En el Gran Teatro José Asunción Flores, estuvieron presentes figuras importantes como Ursula von der Leyen, António Costa, y los presidentes de Argentina, Uruguay, Bolivia y Panamá. El encargado de dar la bienvenida fue el presidente de Paraguay, Santiago Peña, quien no dudó en enviar un saludo a Lula y mencionarlo en su discurso. Pero la reacción de Milei fue diferente: cuando Peña mencionó a Lula, Milei permaneció inmóvil, con las manos cruzadas y sin reaccionar, mientras quienes lo rodeaban aplaudían al brasileño.

¿Por qué tanto silencio? La diferencia ideológica en juego 🤐

Lo que se vio en ese momento no fue casualidad. La relación entre Milei y Lula ha estado marcada por diferencias profundas y, últimamente, bastante evidentes. En las últimas semanas, estas diferencias se volvieron aún más visibles. Por ejemplo, Brasil dejó de manejar las tareas de protección de la embajada y residencia argentina en Caracas, una tarea que venía cumpliendo desde 2024. Además, en diciembre, Lula y Milei protagonizaron una especie de enfrentamiento en una cumbre del Mercosur en Foz do Iguaçu.

En esa reunión, Lula criticó la posible invasión de Estados Unidos a Venezuela, algo que Milei apoyaba. La tensión escaló cuando los tuiteros libertarios compartieron videos en los que mostraban a Lula y a Maduro como si fueran dictadores, usando imágenes del brasileño y el venezolano juntos. Milei no dudó en compartir esos contenidos en su cuenta de X (antes Twitter), acrecentando aún más la distancia entre ambos.

¿Y qué hizo Lula? La estrategia de no participar en el acto

Mientras tanto, Lula optó por no asistir a la firma en Asunción. En lugar de estar presente, recibió en Río de Janeiro a Ursula von der Leyen y a António Costa, los líderes de la Unión Europea, justo antes de que ambos partieran a Paraguay. La decisión de Lula de no acudir fue interpretada como una señal clara de las diferencias que mantienen con Milei y, en general, con la postura argentina actual.

Un silencio que dice mucho 🔍

Lo que quedó en evidencia en ese acto es que, aunque en público todos parecen mantener las formas, la relación entre los dos países y sus líderes está marcada por fricciones. Milei, que asumió la presidencia con ideas bastante distintas a las de Lula, optó por no participar en los gestos de reconocimiento hacia el brasileño. Su silencio fue más elocuente que cualquier discurso.

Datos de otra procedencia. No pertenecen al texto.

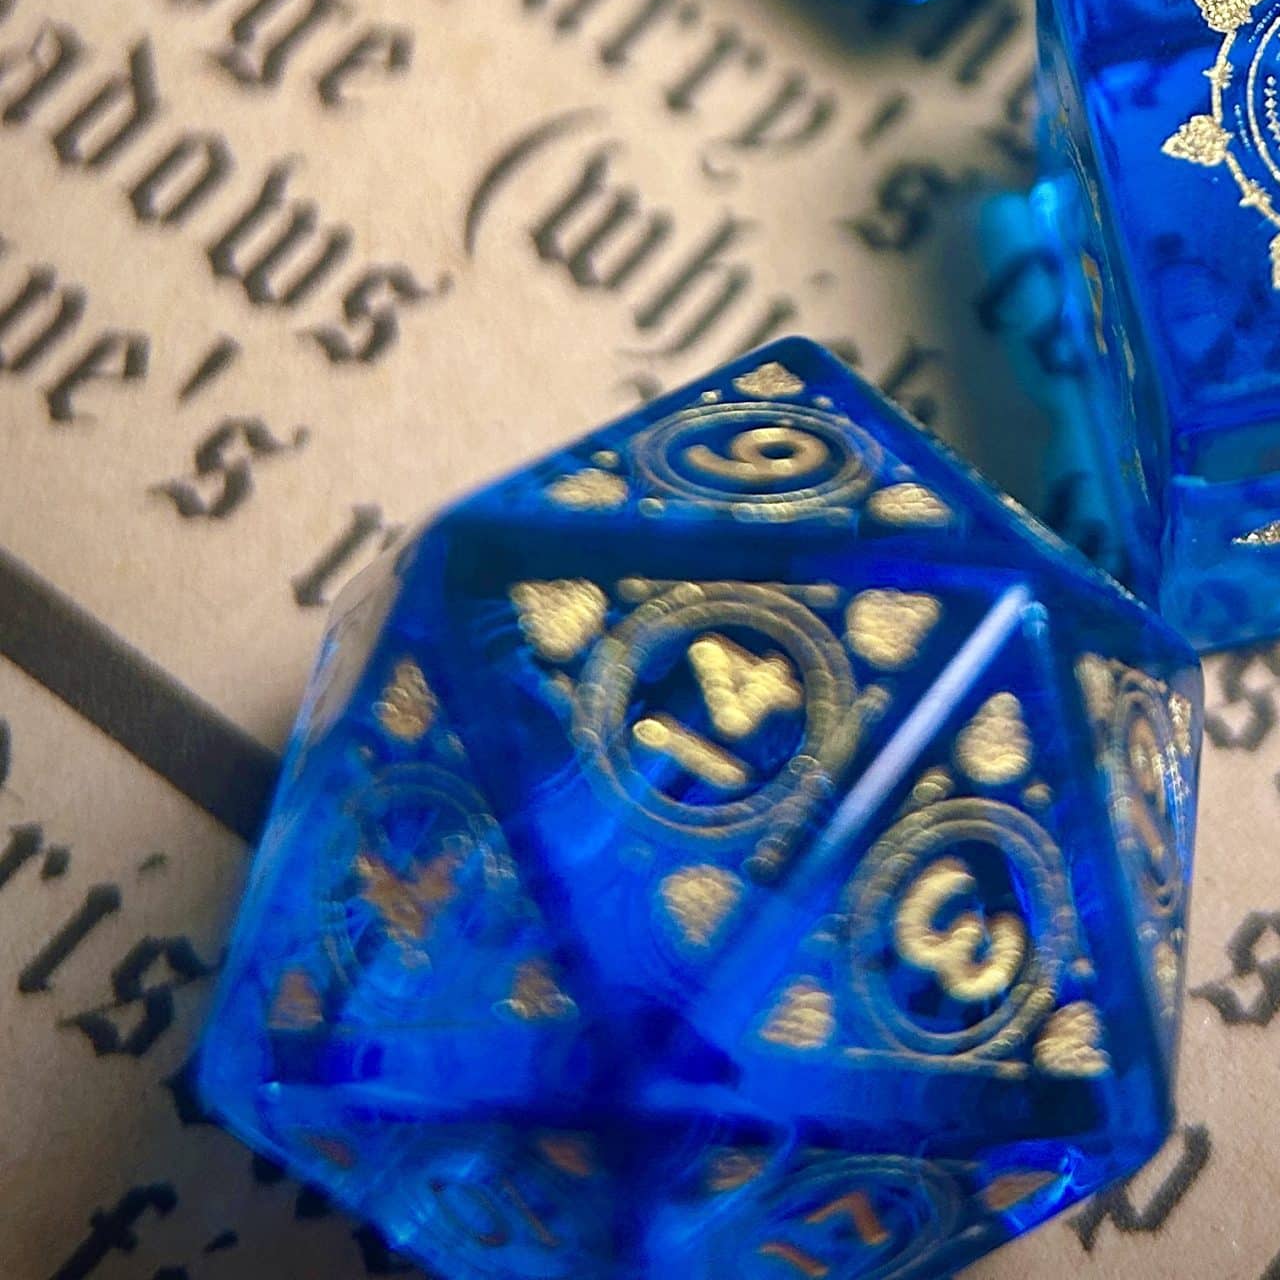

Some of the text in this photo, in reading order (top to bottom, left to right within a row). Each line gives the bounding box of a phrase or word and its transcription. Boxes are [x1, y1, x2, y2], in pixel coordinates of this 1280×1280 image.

[0, 10, 456, 372] adows
[632, 631, 806, 789] 14
[894, 854, 1028, 1004] 3

¿Qué pasa ahora? La política en pausa

La relación entre Argentina y Brasil no es solo una cuestión de palabras, sino de gestos y decisiones concretas. La diferencia ideológica y las recientes acciones de ambos países muestran que, en política, las apariencias muchas veces ocultan tensiones profundas. Por ahora, lo que quedó claro en Asunción es que, aunque hay un acuerdo histórico en marcha, la diplomacia entre los dos países sigue siendo bastante fría y distante.

En un mundo donde las relaciones internacionales influyen en la economía y en la estabilidad regional, estos gestos y silencios pueden dar mucho que hablar. Solo el tiempo dirá si estas diferencias se profundizarán o si, en algún momento, lograrán reconciliarse y retomar un diálogo más cercano.